[Phrase grounding data]
◆ ◆ ◆ ◆ ◆

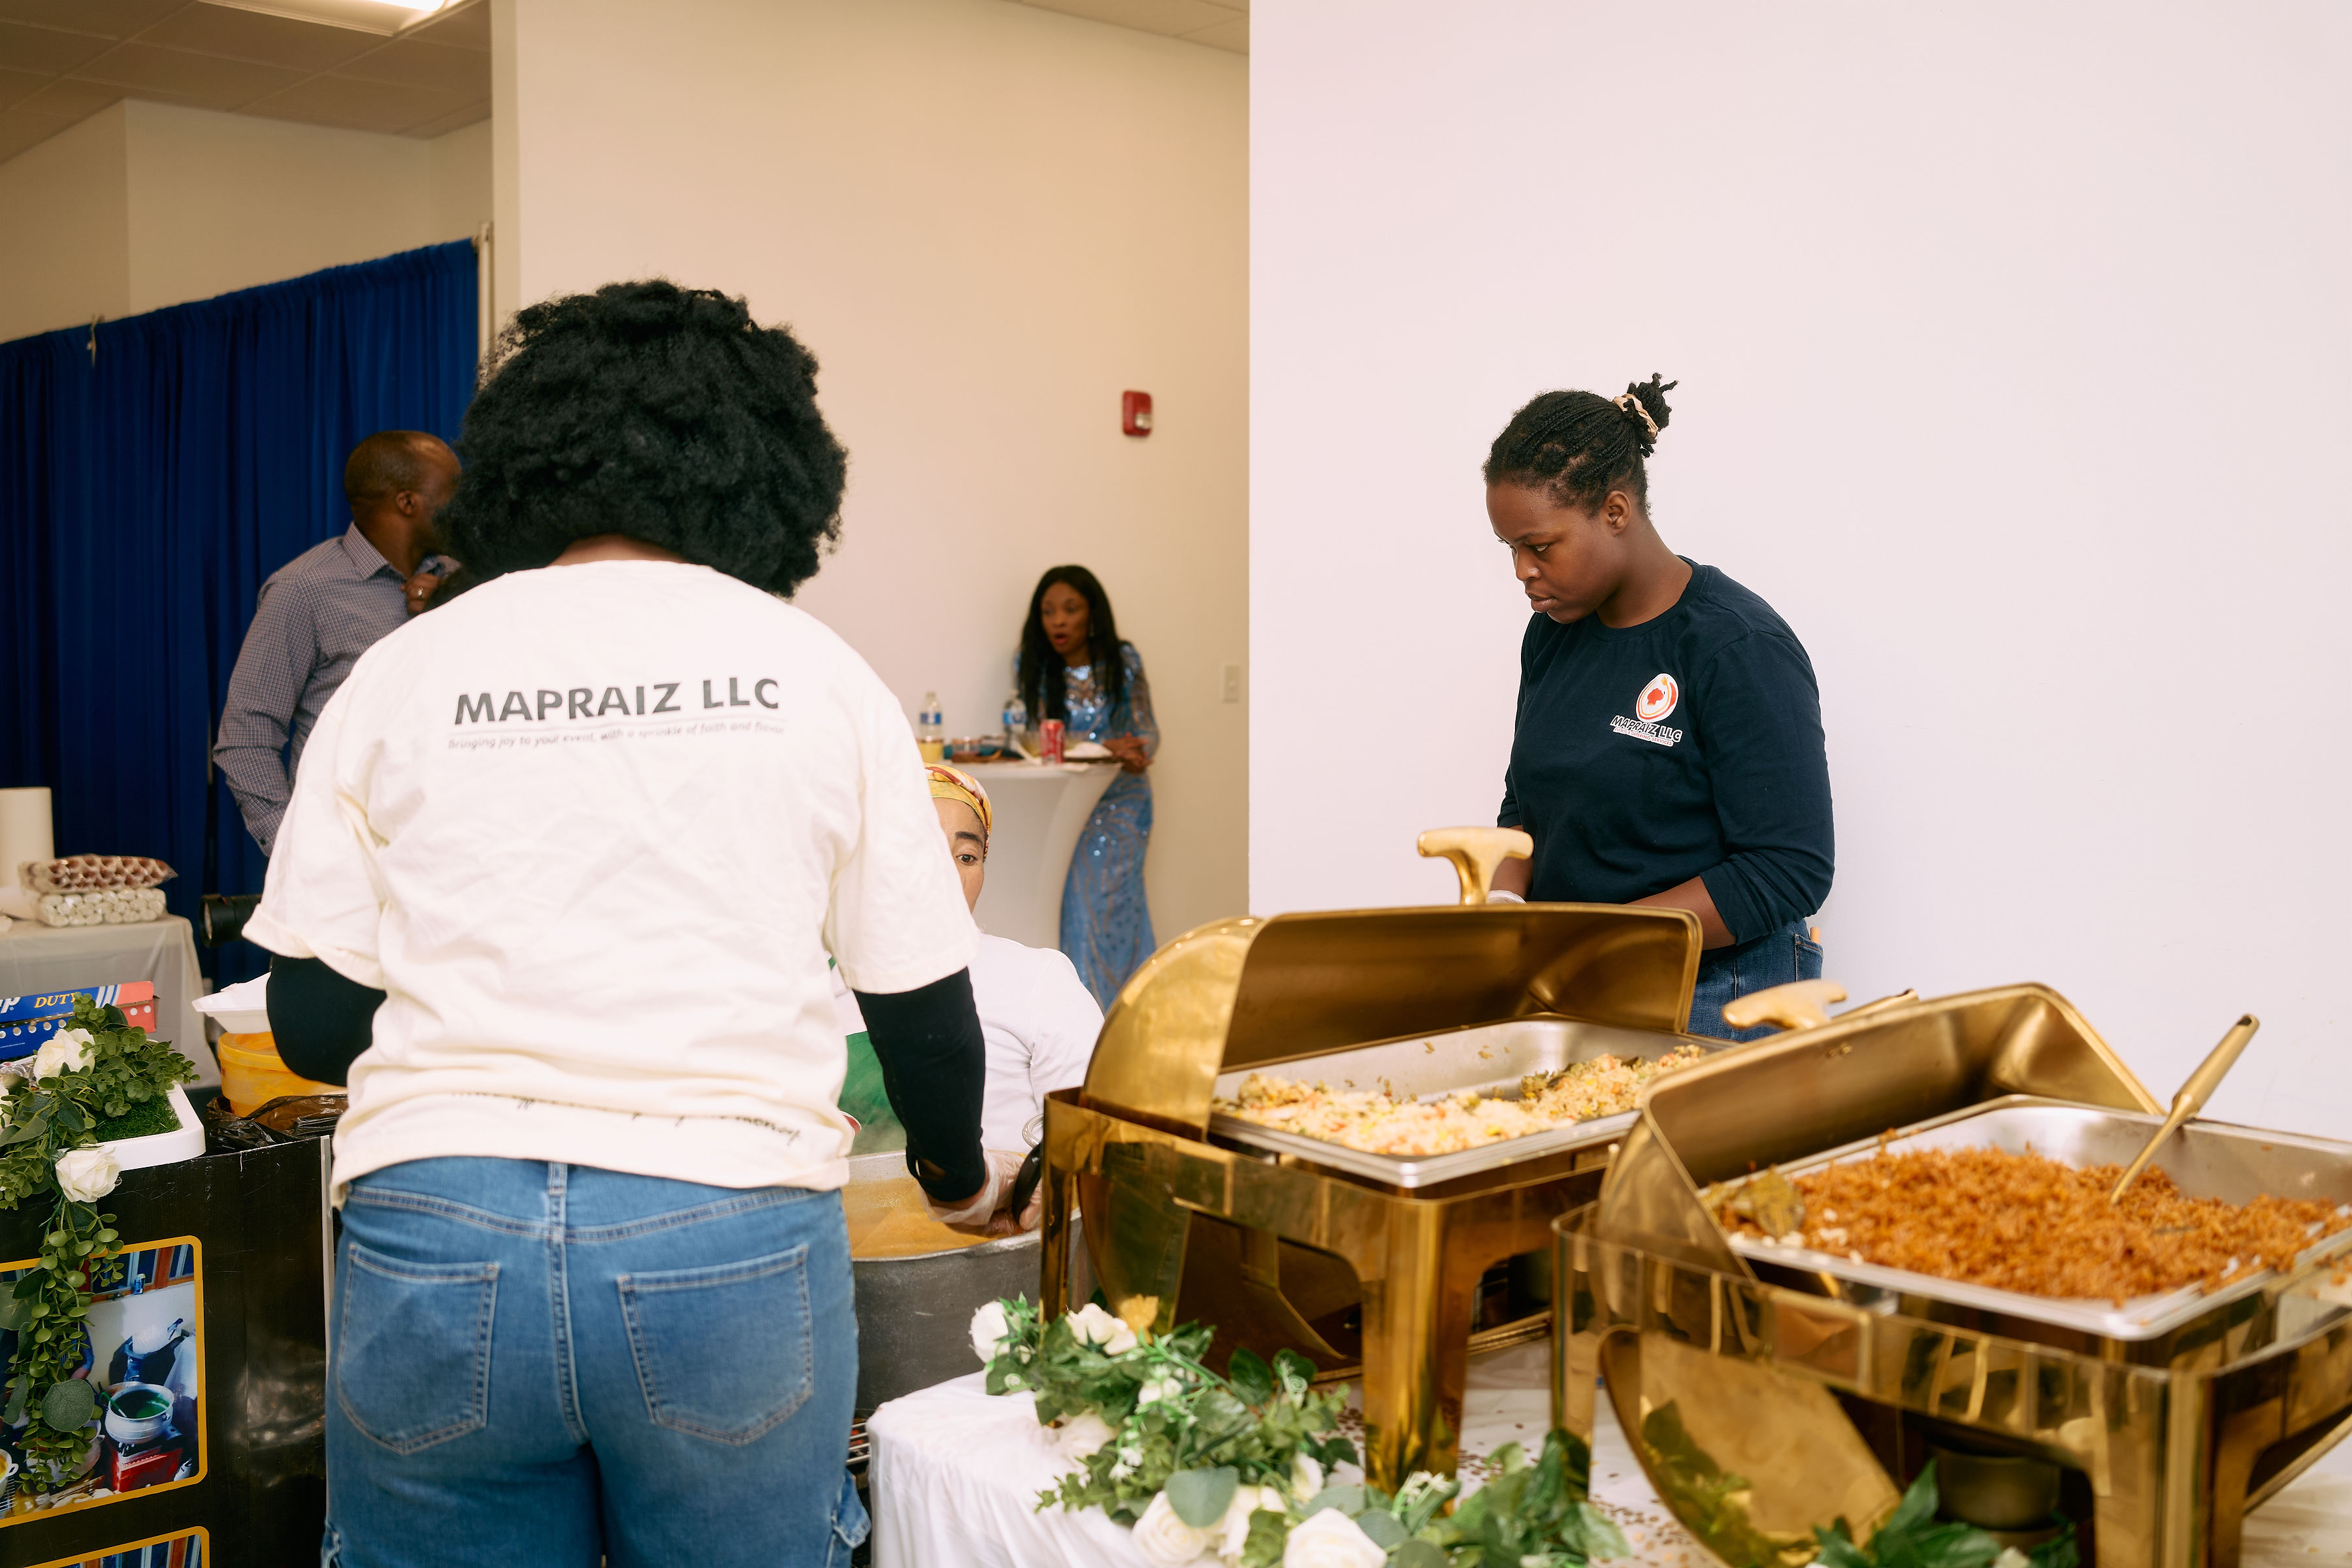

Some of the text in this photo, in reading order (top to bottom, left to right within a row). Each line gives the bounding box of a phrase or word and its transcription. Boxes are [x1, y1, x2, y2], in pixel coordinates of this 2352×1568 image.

[455, 678, 779, 725] MAPRAIZ LLC
[498, 736, 517, 749] joy
[520, 736, 532, 745] to
[600, 728, 623, 741] with
[638, 726, 682, 739] sprinkle
[687, 724, 698, 736] of
[700, 723, 727, 734] faith
[730, 721, 751, 732] and
[1612, 716, 1682, 741] MAPRAIZ LLC
[1631, 732, 1651, 740] CATERING
[1652, 737, 1673, 746] SERVICES
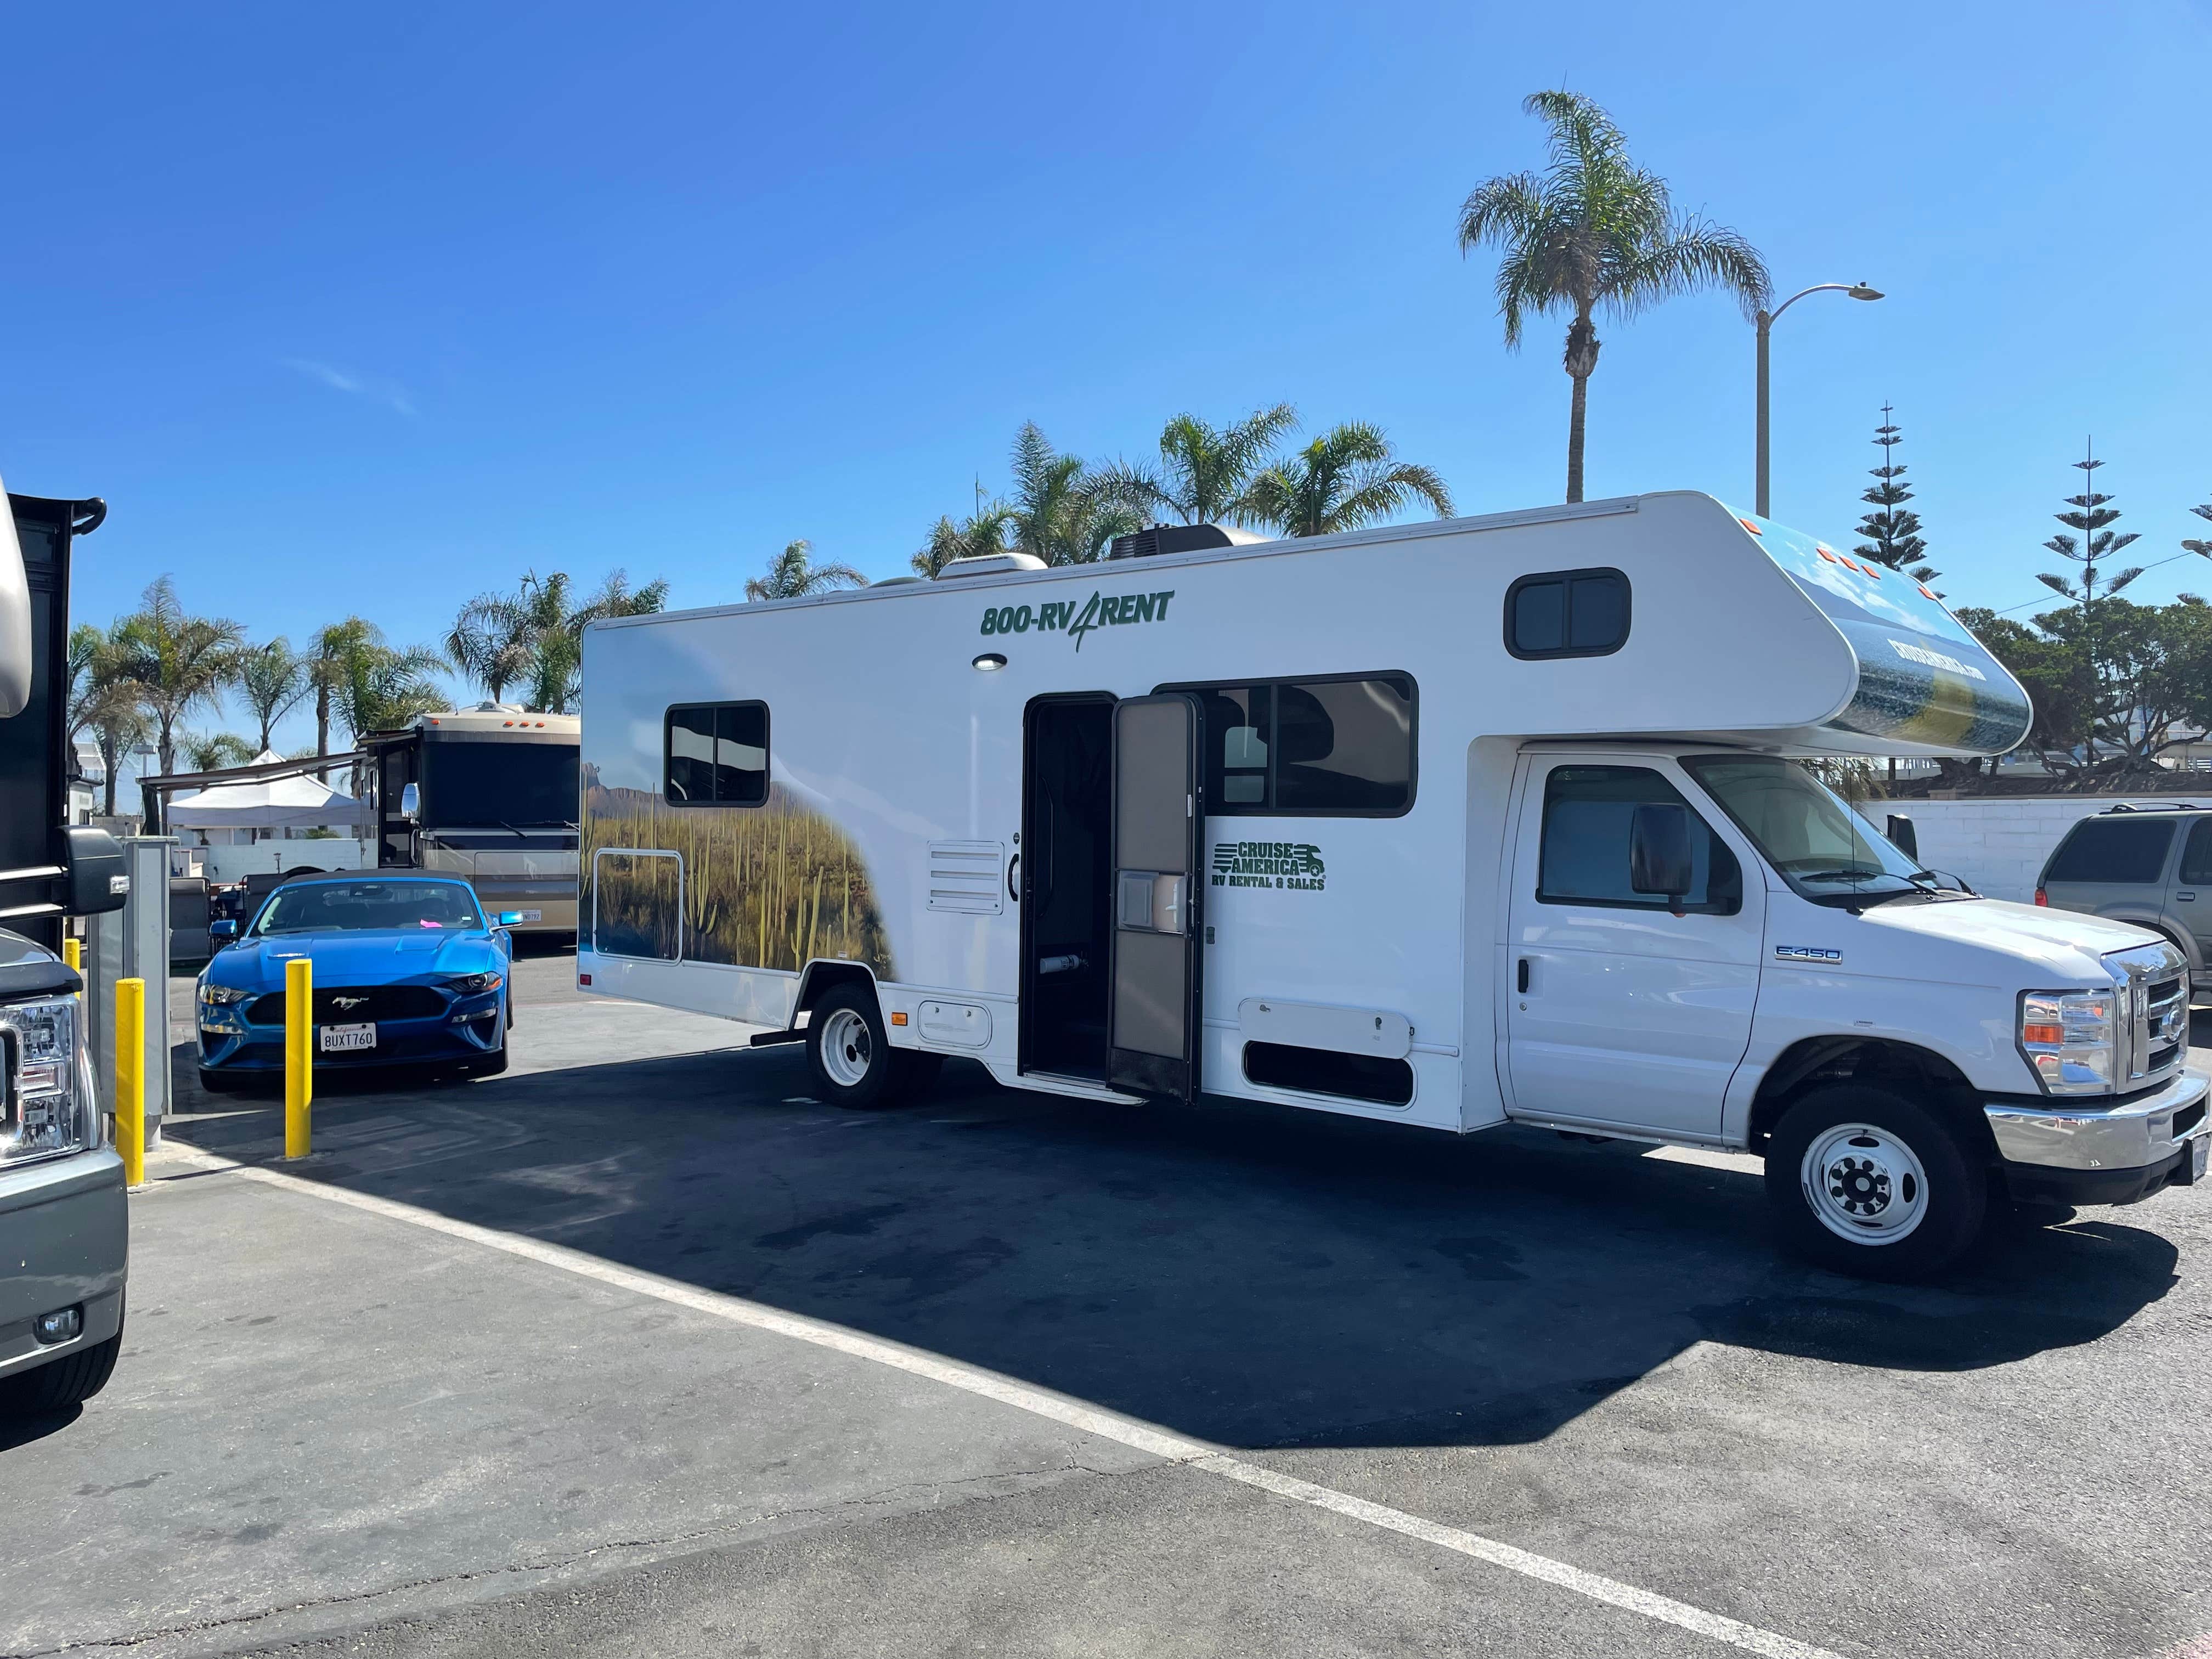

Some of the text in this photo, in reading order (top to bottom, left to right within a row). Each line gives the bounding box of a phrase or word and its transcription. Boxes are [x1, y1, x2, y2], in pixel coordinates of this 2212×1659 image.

[1238, 842, 1293, 859] CRUISE
[1231, 858, 1300, 876] AMERICA
[1211, 874, 1325, 891] RV RENTAL & SALES
[1776, 946, 1840, 959] E-450
[325, 1033, 372, 1047] 8UXT760

◆ ◆ ◆ ◆ ◆

= WHAT YOU ARE ASKED TO DO =
Nothing but the lines from the one containing "this 2212×1659 image." through the end of the entries belongs in the answer; repeat them exactly.

= WRITTEN ANSWER =
Some of the text in this photo, in reading order (top to bottom, left to right within a row). Each line gives the bounding box of a phrase or word and its transcription. Boxes are [x1, y1, x2, y2], in pixel coordinates of this 2212×1659 image.

[1238, 842, 1293, 859] CRUISE
[1231, 858, 1300, 876] AMERICA
[1211, 874, 1325, 891] RV RENTAL & SALES
[1776, 946, 1840, 959] E-450
[325, 1033, 372, 1047] 8UXT760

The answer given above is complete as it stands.